Book of Shadows: Blair Witch 2 (2000) – DVD + CD

*½/**** Image B+ Sound A Extras B-
starring Jeffrey Donovan, Kim Director, Erica Leerhsen, Tristine Skyler
screenplay by Dick Beebe and Joe Berlinger
directed by Joe Berlinger

by Bill Chambers Despite the brainy posturing of director/co-writer Joe Berlinger, Book of Shadows: Blair Witch 2 will probably never be canonized in a sequel debate, that lunchtime activity of film freaks everywhere which has brought a nerdish ascendancy to, among the handful, The Godfather Part II and The Empire Strikes Back. Why? Well, for starters, it’s pretentious as hell; when the DVD liner notes–written by no less than Berlinger himself–for a fast-tracked cash-grab include such descriptive phrases as “mollify the cynics” and “post-modern approach,” you know you’re in for everything but a good time.

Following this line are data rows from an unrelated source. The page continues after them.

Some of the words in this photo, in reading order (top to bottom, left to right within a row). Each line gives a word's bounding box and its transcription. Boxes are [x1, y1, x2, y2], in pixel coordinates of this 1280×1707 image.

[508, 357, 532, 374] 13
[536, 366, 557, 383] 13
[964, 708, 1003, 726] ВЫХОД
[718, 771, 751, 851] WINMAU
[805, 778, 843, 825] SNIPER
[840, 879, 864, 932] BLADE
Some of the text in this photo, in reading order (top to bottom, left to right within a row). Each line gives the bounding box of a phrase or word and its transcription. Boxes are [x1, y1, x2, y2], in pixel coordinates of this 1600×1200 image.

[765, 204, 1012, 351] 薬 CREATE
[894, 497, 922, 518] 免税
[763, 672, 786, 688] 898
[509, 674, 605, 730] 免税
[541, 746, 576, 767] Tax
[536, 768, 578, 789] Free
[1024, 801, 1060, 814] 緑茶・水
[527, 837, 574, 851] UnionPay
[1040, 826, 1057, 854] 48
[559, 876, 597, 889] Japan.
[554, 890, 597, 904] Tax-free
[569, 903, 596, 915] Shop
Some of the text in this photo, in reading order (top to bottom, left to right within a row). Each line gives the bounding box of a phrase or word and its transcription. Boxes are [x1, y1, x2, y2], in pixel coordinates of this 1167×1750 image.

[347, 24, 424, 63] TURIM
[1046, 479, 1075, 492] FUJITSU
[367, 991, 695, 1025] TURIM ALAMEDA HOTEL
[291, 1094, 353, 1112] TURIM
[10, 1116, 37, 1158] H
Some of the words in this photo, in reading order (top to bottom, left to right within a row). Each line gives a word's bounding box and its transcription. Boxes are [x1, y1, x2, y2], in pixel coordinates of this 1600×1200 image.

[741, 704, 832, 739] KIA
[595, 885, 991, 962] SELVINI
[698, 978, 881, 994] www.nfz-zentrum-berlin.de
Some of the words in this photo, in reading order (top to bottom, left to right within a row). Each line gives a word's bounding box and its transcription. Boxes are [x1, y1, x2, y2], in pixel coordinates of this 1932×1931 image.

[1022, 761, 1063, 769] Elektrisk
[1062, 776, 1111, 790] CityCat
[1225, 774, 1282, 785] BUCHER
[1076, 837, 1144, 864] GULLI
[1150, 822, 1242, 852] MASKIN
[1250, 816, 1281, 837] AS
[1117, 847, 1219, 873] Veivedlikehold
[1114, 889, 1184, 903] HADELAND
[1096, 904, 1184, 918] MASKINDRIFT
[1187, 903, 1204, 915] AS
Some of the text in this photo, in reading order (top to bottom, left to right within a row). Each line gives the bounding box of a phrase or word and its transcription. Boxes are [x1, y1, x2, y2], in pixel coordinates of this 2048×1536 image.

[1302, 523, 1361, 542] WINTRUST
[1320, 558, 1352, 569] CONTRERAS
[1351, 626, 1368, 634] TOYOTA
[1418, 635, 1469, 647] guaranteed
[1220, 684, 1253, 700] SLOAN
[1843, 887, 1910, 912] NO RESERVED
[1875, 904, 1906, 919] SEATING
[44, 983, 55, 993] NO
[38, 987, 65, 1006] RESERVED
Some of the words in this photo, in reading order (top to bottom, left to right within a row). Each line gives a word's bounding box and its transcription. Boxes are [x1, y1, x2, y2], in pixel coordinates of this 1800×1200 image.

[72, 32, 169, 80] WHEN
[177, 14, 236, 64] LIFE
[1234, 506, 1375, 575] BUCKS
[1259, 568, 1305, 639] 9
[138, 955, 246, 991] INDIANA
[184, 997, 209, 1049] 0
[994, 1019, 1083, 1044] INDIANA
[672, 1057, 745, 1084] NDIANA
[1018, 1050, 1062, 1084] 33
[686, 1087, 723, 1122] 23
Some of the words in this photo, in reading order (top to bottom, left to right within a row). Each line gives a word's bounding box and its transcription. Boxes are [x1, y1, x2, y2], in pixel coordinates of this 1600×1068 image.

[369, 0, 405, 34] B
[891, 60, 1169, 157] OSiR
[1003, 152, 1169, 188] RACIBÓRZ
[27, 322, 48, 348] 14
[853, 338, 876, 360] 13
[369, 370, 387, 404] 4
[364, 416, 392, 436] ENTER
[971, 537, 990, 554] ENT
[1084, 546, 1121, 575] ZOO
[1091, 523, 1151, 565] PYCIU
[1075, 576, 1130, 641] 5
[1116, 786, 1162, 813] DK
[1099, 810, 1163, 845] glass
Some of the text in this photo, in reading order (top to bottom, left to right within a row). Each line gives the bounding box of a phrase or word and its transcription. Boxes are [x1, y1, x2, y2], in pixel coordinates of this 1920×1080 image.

Scream 2–a self-reflexive sequel whose box-office success arguably had greater bearing on the decision to make Book of Shadows than The Blair Witch Project did–established what I consider two definitive rules about second instalments to which Book of Shadows actually adheres:

  1. The body count is bigger
  2. The death scenes are more elaborate

(Jamie Kennedy’s Randy broaches a third, only to be interrupted by David Arquette’s Dewey.) Indeed, the corpses pile up in Book of Shadows, and its death scenes are more elaborate than The Blair Witch Project‘s (by virtue of happening, for the most part, on screen). But while The Blair Witch Project left a lot to the imagination, its continuation leaves much to interpretation, and therefore comes across as more ambivalent than ambiguous. Following a night of binge-drinking in the Black Hills of Burkittsville, Maryland, four fans of The Blair Witch Project (and/or its phenomenal aftermath) and their certifiable tour guide awaken with group amnesia to a vandalized campsite. Videotapes are the sole, patchy evidence of what went down after the moon came up, i.e., murder and (naked) dancing.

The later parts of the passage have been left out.